"The very best thing you can be in life is a teacher, provided that you are crazy in love with what you teach, and that your classes consist of eighteen students or fewer. Classes of eighteen students or fewer are a family, and feel and act like one." Kurt Vonnegut
My 11 years in public education have been spent in one school — the school I graduated from in 2003 in the rural community I’ve lived in since birth.
I was the student South Carolina wanted to attract to the teaching profession. I am the teacher South Carolina wants to retain. But I am barely hanging on.

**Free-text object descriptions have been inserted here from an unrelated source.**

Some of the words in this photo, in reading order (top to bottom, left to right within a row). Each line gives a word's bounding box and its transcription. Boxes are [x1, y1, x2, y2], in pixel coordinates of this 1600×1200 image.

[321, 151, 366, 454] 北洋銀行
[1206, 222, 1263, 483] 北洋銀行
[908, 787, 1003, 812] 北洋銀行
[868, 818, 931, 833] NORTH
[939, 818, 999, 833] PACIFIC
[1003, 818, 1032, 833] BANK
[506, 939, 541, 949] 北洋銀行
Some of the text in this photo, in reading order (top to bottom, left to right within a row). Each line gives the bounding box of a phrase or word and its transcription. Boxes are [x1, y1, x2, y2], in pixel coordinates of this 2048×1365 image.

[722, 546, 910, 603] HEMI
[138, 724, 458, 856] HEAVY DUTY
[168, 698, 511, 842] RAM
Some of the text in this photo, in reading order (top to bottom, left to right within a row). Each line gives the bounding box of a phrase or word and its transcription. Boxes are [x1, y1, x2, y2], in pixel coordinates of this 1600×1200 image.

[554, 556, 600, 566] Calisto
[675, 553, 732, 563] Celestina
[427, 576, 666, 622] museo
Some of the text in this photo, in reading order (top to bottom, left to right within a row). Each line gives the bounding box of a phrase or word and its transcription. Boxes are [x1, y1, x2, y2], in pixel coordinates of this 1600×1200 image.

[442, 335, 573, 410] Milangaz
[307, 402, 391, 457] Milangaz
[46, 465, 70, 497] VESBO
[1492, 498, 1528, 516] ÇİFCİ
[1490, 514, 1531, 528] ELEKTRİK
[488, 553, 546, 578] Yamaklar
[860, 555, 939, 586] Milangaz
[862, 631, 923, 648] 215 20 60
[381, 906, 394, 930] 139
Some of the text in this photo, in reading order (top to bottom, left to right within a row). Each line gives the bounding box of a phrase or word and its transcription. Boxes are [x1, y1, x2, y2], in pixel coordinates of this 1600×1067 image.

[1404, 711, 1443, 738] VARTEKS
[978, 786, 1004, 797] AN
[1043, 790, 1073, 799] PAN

Once again, legislators are tackling the matter of teacher attraction and retention. But if they truly want to attract and retain teachers, they should listen to people who are in South Carolina’s classrooms. They would discover a few things that teachers need:
Teachers need to be appreciated. Teaching is an undervalued profession, and the demeaning reaches beyond salary. Society’s misconceptions about education are crafted by stereotypical portrayals of teachers in movies or outdated memories about what it was like to be a student decades ago. Parents regularly question pedagogical decisions, simply because school today does not fit their misguided stereotypes. Education has shifted, and inquiry-based learning takes precedent in most classrooms. It’s time that parents and legislators recognize these shifts and support the instructional decisions teachers make for their classrooms.
Teachers need autonomy. Thankfully, I teach in a school that does not use curriculum alignment documents or strict pacing guides, and my administration values the judgment of teachers within our classrooms. Teachers in districts that are solely focused on numbers are restricted, and students suffer because no allowance is made for differentiation or reteaching for content-mastery. In districts with strict pacing guides, teachers are left with no option but to stay the course — even when they know they are failing their students.
Teachers need appropriate resources. This need actually is monetary. Teachers in rural districts face funding discrepancies that districts with large fiscal contributions do not face. The court’s decision on the “Corridor of Shame” lawsuit (Abbeville County v. South Carolina) found that the state “prevent(s) students within these districts from receiving the constitutionally required opportunity” to receive a “minimally adequate education.”
Students in certain areas of the state have opportunities that students in rural districts only dream of. While my district’s administration attempts at every juncture to provide unique experiences and learning opportunities, it cannot keep up with the financial abilities of other districts in our state. Many rural districts also pay teachers extra to teach a class during their planning period in order to avoid the financial stress of hiring an additional faculty member, leaving students with overwhelmed teachers or virtual instruction for multiple classes.
TEACHERS ARE COACHES AND MENTORS, SIDELINE SUPPORTERS AND AUDIENCE MEMBERS. EVERY MOMENT OF THIS INTERACTION IS VITAL.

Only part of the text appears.